百合が僕のことをどう思っているのか、それは伴然としなかった。けれど、この数ヶ月でアカネの想いには薄々と気が付いていた。
「ねぇ…今日の昼間に一緒にいた子…誰?」
翌日、バイトの休憩中、この店でアカネはそう僕に尋ねてきた。今日は百合と大学の図書館へ行っていた。サークルでアカネも通学していたのだろう。質問が唐突だったので、僕は首をかしげた。
「何の話?」
「大学の中庭の木の下のベンチで妙に澄ました顔の女と鼻の下伸ばした君を見掛けましたという話」
アカネは大きく息を吸うと、一息でまくし立てた。余りにもあからさまな感情の機微に、最初は冗談で焼きもちを焼く振りをしているのだと思った。
「誰って、同期生なんだから知ってるだろ?」
僕は調子を合わせて軽い口調で言った。設定は、浮気現場を目撃されてカノジョに言及される男。そんな小芝居だろう。アカネはそういう下らない遊びが好きな子だった。
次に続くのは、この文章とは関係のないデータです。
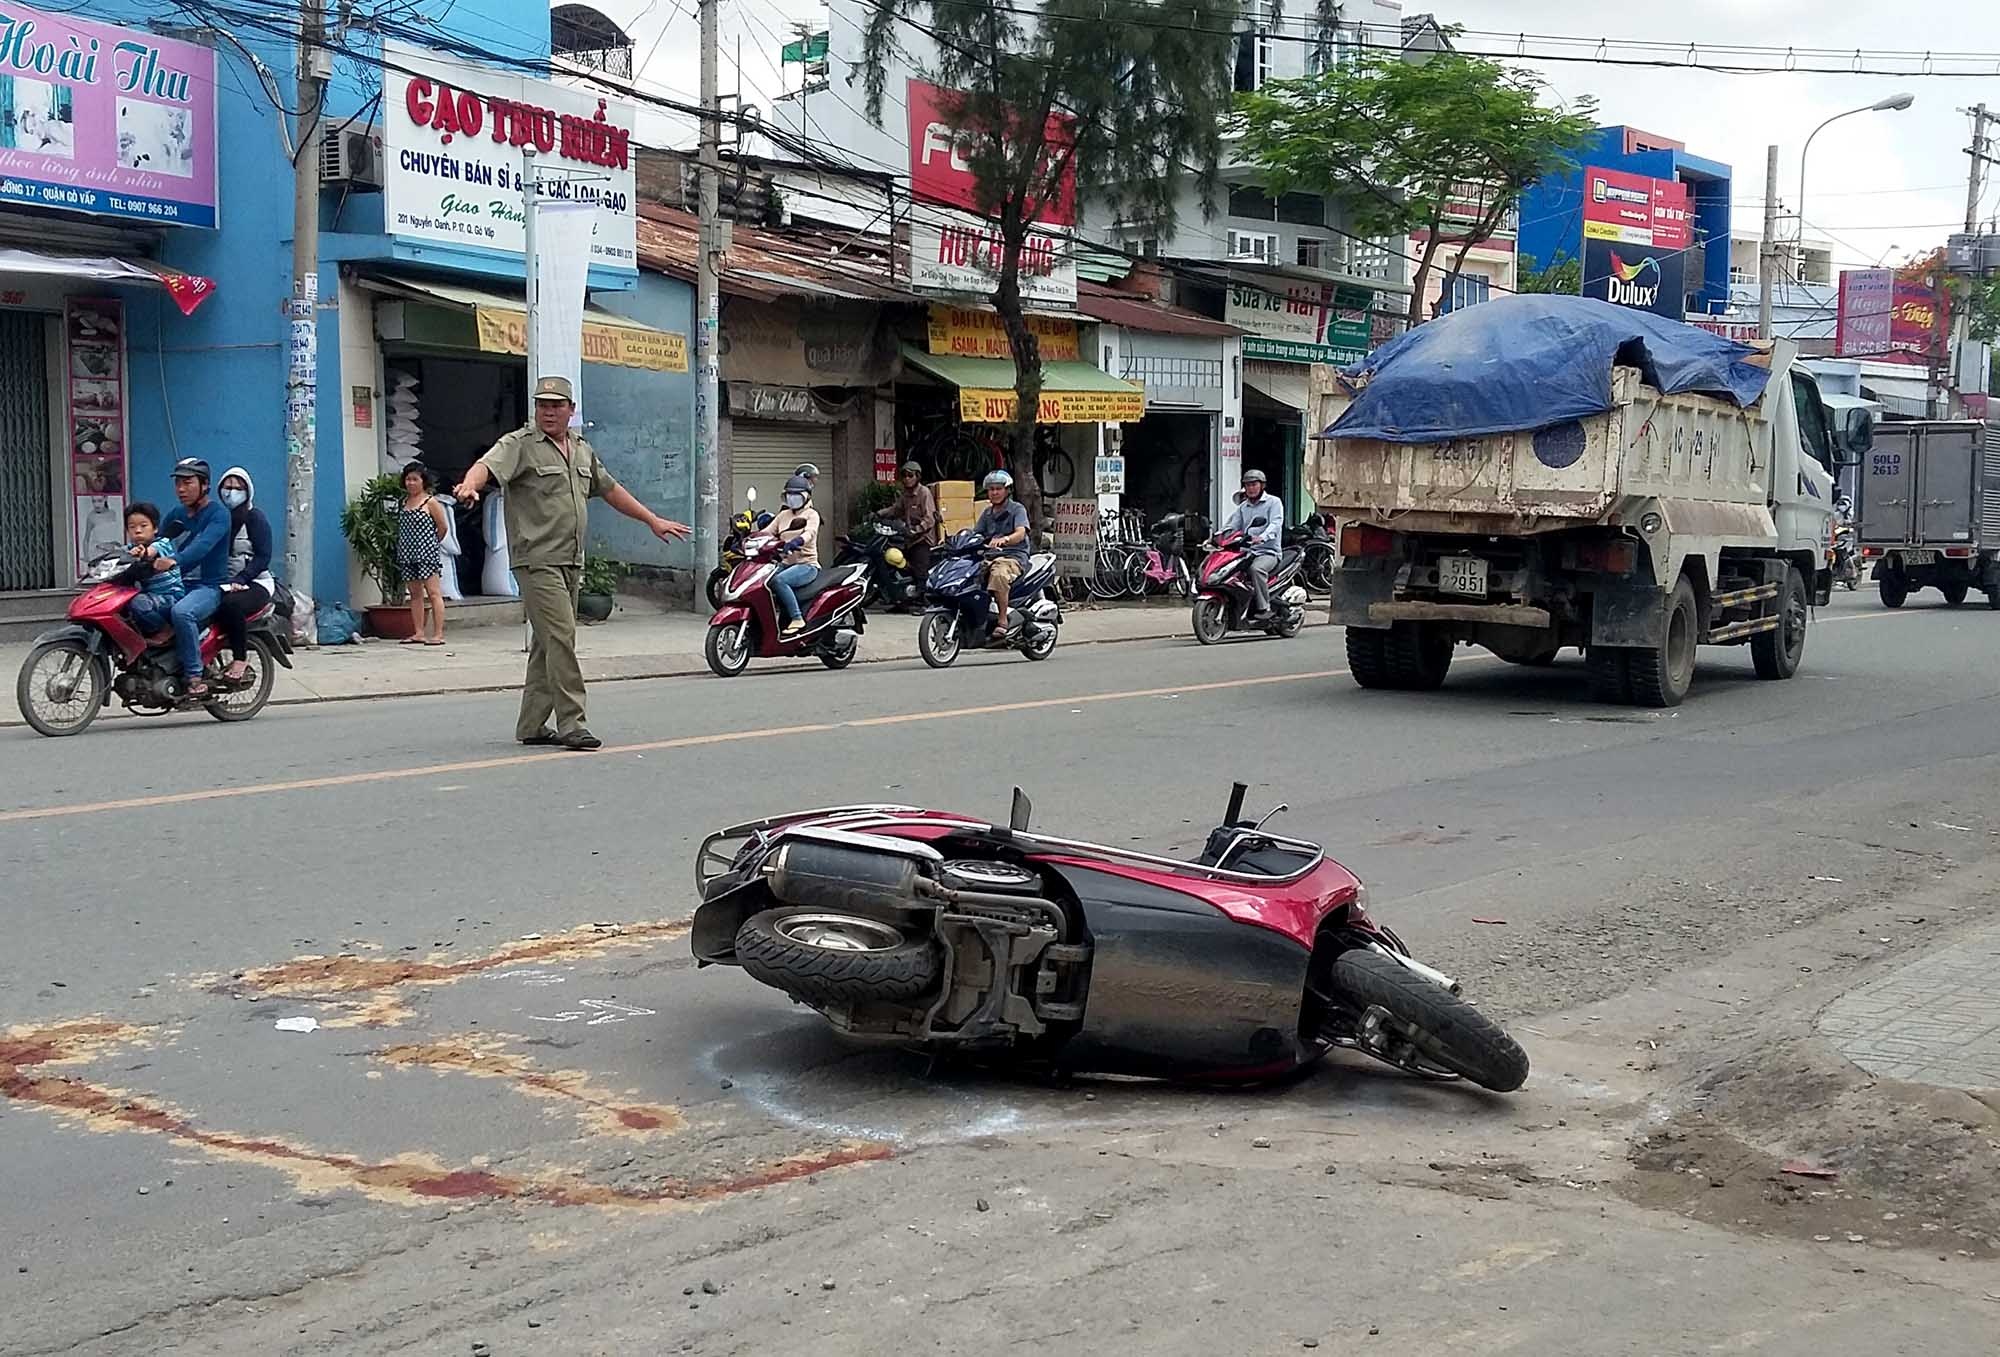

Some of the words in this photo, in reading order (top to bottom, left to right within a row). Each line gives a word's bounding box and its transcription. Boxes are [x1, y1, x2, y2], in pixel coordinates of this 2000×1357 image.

「そういうことを訊いてるんじゃない。どういう関係なのかを訊いてるのよ。ストレートに言えば」
アカネはカウンターの上で腕を組み、僕を剣呑な眼差しで見つめながら言い放つ。
「俗に言う、友達以上恋人未満。という感じかな」
飽くまで軽く言うと、アカネはきつく瞼を閉じ、重厚な溜め息を吐いた。なかなか堂に入った芝居だ。
「…友だち以上ね…」
苛立ちの発露を呟きに変え、彼女は髪を手でとかす。その様子が持つ憂いに、僕は少し戸惑った。
「そう。そして今は恋人未満。それ以上になりたいと、努力はしてるんだけどね」
アカネは頭痛がするように眉を奇せた。
「紅茶、お代わりでも?」
僕はそう言ってみたが、アカネはそれを無視する。どうやら本気で機嫌を損ねたらしい。
「…何かあった?ご機嫌斜めのようですけど」
「…さっき言った通りよ」
僕は怪訝な顔で首をかしげた。
「いらっしゃいませ」
椅子にもたれてバイク雑誌を読んでいたマスターが言った。女子高生と思しき二人組が店内に入ってくる。アカネは何も言わずに立ち上がる。
「いらっしゃ…」
いませ。という僕の言葉は、肌を叩く小気味良い音に遮られた。僕はジンジンと痛む頬をさすり、呆然とする。見事な平手打ちに唖然とする二人の女の子には目もくれず、アカネは店を出ていった。女の子たちが声を潜めて囁きを交わす。僕は舞台に取り残された場違いな黒子みたいに、虚しくたたずんだ。
「いらっしゃいませ」
言いかけたままの業務用挨拶を改めて口にした。店内に哀れに響いた。女の子たちが何処か気まずそうに席を探し、いそいそと座った。僕から一番離れた席だった。
「…三文ドラマみたい…」
そんな声が聞こえた。
「アカネちゃん…まだ仕事が残ってるんだが」
マスターが小さく言った。
「僕が二倍働きます」
僕は誰にも聞こえないように舌打ちをした。